Sont à ce titre concernés les « traitements mis en œuvre par les notaires aux fins d’exercice de leur activité notariale et de rédaction des documents des offices notariaux ».

Côté notaires, sont concernées les activités relevant du régime de l’ex-autorisation unique n°AU-006 (Cnil, délib. n° 2014-016 du 23.01.2014).

Pour les autres traitements. Il convient de prendre en compte les « lignes directrices » élaborées par la Cnil pour déterminer si un traitement de données personnelles nécessite, ou non, une AIPD (Cnil, délib. n°2018-326 du 11.10.2018 JO 06.11.2018).

Pour consulter la délibération de la Cnil n° 2018-326 du 11 octobre 2018 : cliquer ici

Pour la Cnil, une AIPD s’impose si le traitement remplit au moins deux des neuf critères identifiés par le Comité européen de la protection des données (CEPD), et mentionnés dans la délibération.

En cas de doute, la Cnil recommande d’effectuer une AIPD.

Dispositif transitoire. La Cnil a précisé qu’une AIPD n’est pas exigée, pour une période de trois ans, si un traitement a été régulièrement mis en oeuvre avant le 25 mai 2018.
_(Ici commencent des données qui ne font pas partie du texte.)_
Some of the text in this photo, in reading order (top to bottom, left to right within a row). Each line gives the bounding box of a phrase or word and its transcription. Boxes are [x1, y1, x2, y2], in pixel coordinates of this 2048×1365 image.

Il en va notamment ainsi si un traitement a fait l'objet d'une formalité auprès de la Cnil, ou en a été dispensé.

Le traitement n'a pas alors à faire l'objet d'une AIPD dans un délai de trois ans à compter du 25 mai 2018, à moins qu'il ait fait l'objet d'une modification substantielle depuis sa mise en œuvre.

Est à notre avis concerné un traitement qui a fait l'objet d'une déclaration préalable simplifiée, tel au titre de la norme NS-021 en gestion immobilière pour un professionnel Hoguet (Cnil, délib. du 18.12.2003 JO 22.01.2004).
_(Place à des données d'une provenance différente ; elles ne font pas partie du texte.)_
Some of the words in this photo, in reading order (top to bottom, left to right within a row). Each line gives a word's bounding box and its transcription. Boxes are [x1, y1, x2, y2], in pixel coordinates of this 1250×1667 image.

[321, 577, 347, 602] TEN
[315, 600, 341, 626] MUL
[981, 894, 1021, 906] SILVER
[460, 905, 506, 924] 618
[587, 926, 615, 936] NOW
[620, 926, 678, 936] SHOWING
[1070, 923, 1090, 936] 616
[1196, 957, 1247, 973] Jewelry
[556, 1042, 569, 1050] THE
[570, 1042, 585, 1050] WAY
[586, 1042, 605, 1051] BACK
Cette dispense d’obligation de réaliser une AIPD, pour les traitements existants et régulièrement mis en œuvre, est limitée à une période de trois ans. A l’issue du délai, les responsables de traitement devront avoir fait le nécessaire pour l'AIPD, si le traitement est susceptible d’engendrer un risque élevé pour les droits et libertés des personnes.

Notons que pour la Cnil, la « réalisation d’une AIPD constitue, dans tous les cas, une bonne pratique facilitant la démarche de mise en conformité avec les conditions de fond prévues par le RGPD ».

Pour consulter la note de la Cnil du 22 octobre 2019 concernant l’AIPD : cliquer ici

Pour consulter la rubrique dédiée à l’AIPD sur le site de la Cnil : cliquer ici

Références

Cnil, délibération n° 2018-326 du 11 octobre 2018 portant adoption de lignes directrices sur les analyses d'impact relatives à la protection des données (AIPD) prévues par le règlement général sur la protection des données (RGPD) - JO n°0256 du 6 novembre 2018 

Cnil, délibération n° 2018-327 du 11 octobre 2018 portant adoption de la liste des types d'opérations de traitement pour lesquelles une analyse d'impact relative à la protection des données est requise - JO n°0256 du 6 novembre 2018 

Cnil, délibération n° 2019-118 du 12 septembre 2019 portant adoption de la liste des types d'opérations de traitement pour lesquelles une analyse d'impact relative à la protection des données n'est pas requise - JO n°0246 du 22 octobre 2019 

Règlement (UE) 2016/679 du Parlement européen et du Conseil du 27 avril 2016 relatif à la protection des personnes physiques à l'égard du traitement des données à caractère personnel et à la libre circulation de ces données, et abrogeant la directive 95/46/CE (règlement général sur la protection des données)

Loi n°78-17 du 6 janvier 1978 relative à l'informatique, aux fichiers et aux libertés

Décret n° 2019-536 du 29 mai 2019 pris pour l'application de la loi n° 78-17 du 6 janvier 1978 relative à l'informatique, aux fichiers et aux libertés JO n°0125 du 30 mai 2019

Ordonnance n° 2018-1125 du 12 décembre 2018 prise en application de l'article 32 de la loi n° 2018-493 du 20 juin 2018 relative à la protection des données personnelles et portant modification de la loi n° 78-17 du 6 janvier 1978 relative à l'informatique, aux fichiers et aux libertés et diverses dispositions concernant la protection des données à caractère personnel JO n°0288 du 13 décembre 2018

Loi n°2018-493 du 20 juin 2018 relative à la protection des données personnelles, JO n°0141 du 21 juin 2018

Outre la dispense d'AIPD prévue pour les notaires par une délibération récente, tenez-compte du dispositif transitoire prévu par la Cnil si un traitement a déjà fait l'objet d'une formalité préalable avant le 25 mai 2018.